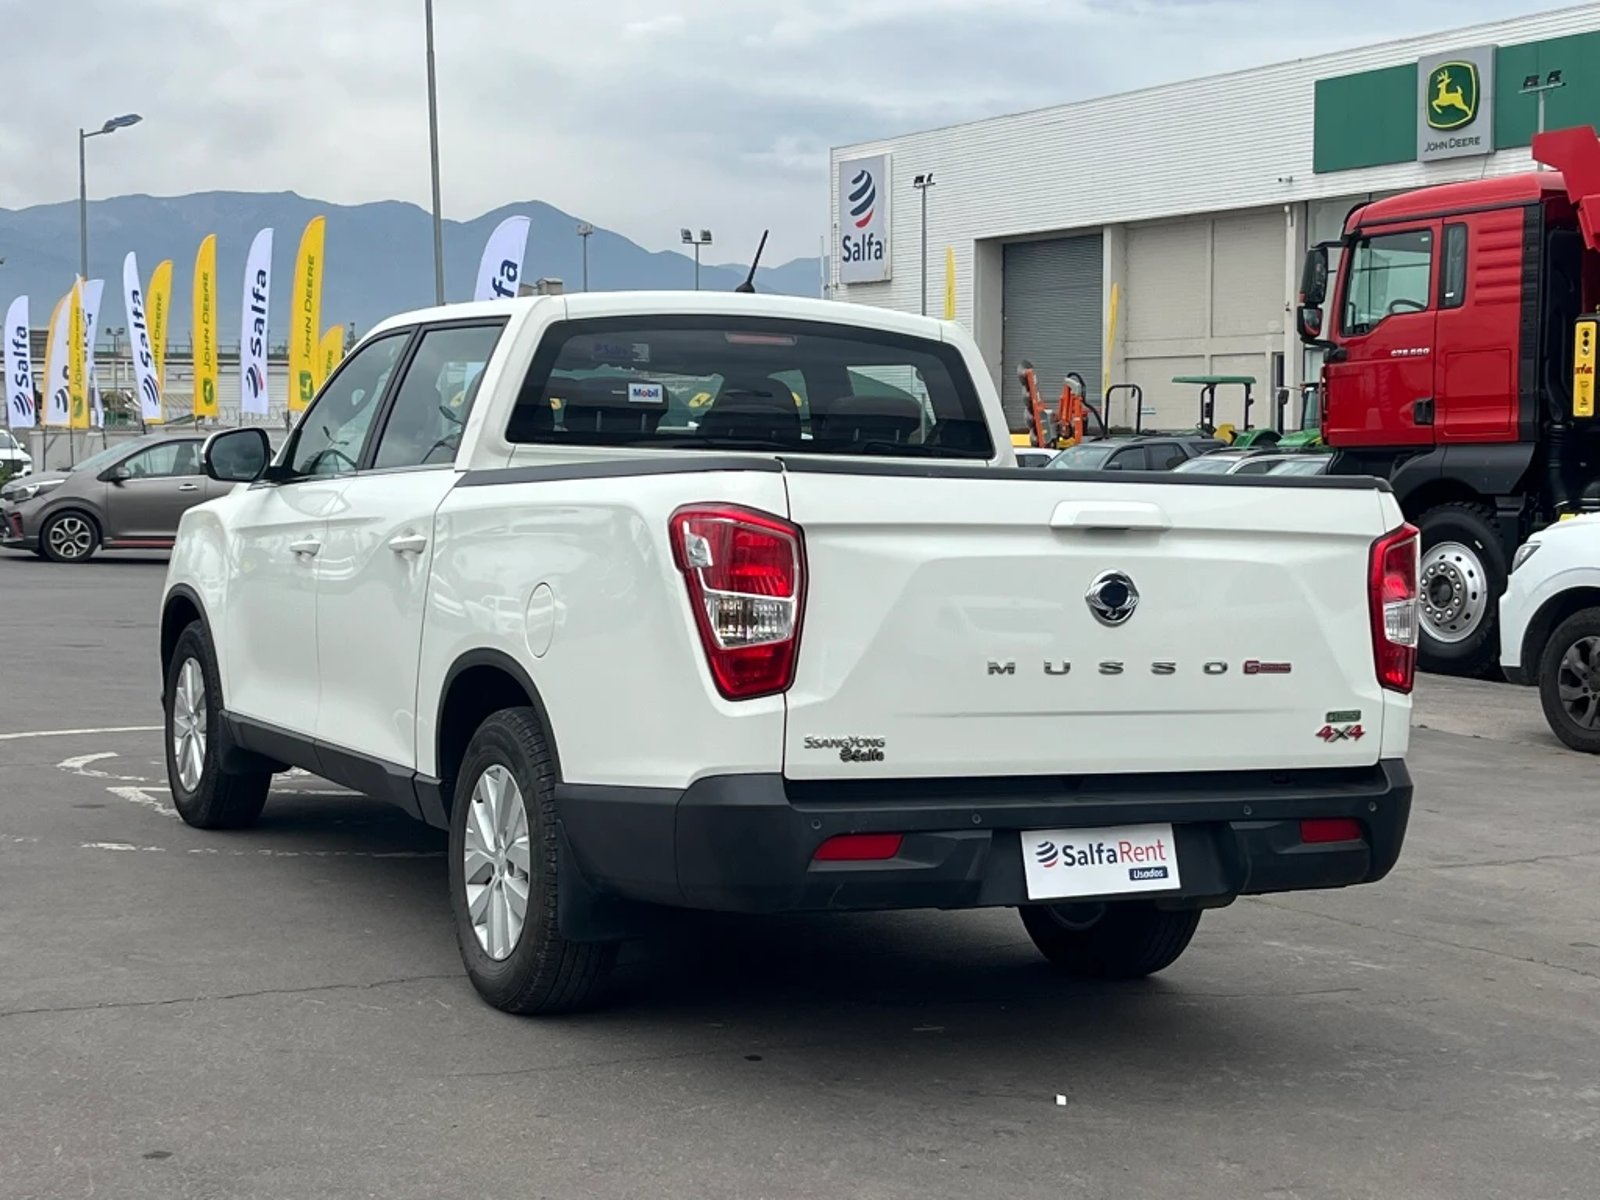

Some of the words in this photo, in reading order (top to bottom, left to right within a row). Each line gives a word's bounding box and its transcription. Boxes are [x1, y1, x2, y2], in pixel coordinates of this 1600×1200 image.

[1424, 141, 1448, 153] JOHN
[1449, 136, 1481, 149] DEERE
[842, 232, 883, 263] Salfa
[304, 254, 315, 314] DEERE
[131, 289, 153, 368] Salfa
[250, 269, 267, 359] Salfa
[12, 325, 29, 388] Salfa
[202, 328, 211, 372] JOHN
[303, 318, 313, 364] JOHN
[632, 388, 659, 398] Mobil
[987, 660, 1229, 676] MUSSO
[1062, 839, 1167, 867] SalfaRent
[1133, 868, 1164, 880] Usados

^^^^^^^^

■ **WHAT IS BEING ASKED**:
All of the records above should be returned exactly, though the pictures should not.

■ **SOLUTION FOR THIS TASK**:
Some of the words in this photo, in reading order (top to bottom, left to right within a row). Each line gives a word's bounding box and its transcription. Boxes are [x1, y1, x2, y2], in pixel coordinates of this 1600×1200 image.

[1424, 141, 1448, 153] JOHN
[1449, 136, 1481, 149] DEERE
[842, 232, 883, 263] Salfa
[304, 254, 315, 314] DEERE
[131, 289, 153, 368] Salfa
[250, 269, 267, 359] Salfa
[12, 325, 29, 388] Salfa
[202, 328, 211, 372] JOHN
[303, 318, 313, 364] JOHN
[632, 388, 659, 398] Mobil
[987, 660, 1229, 676] MUSSO
[1062, 839, 1167, 867] SalfaRent
[1133, 868, 1164, 880] Usados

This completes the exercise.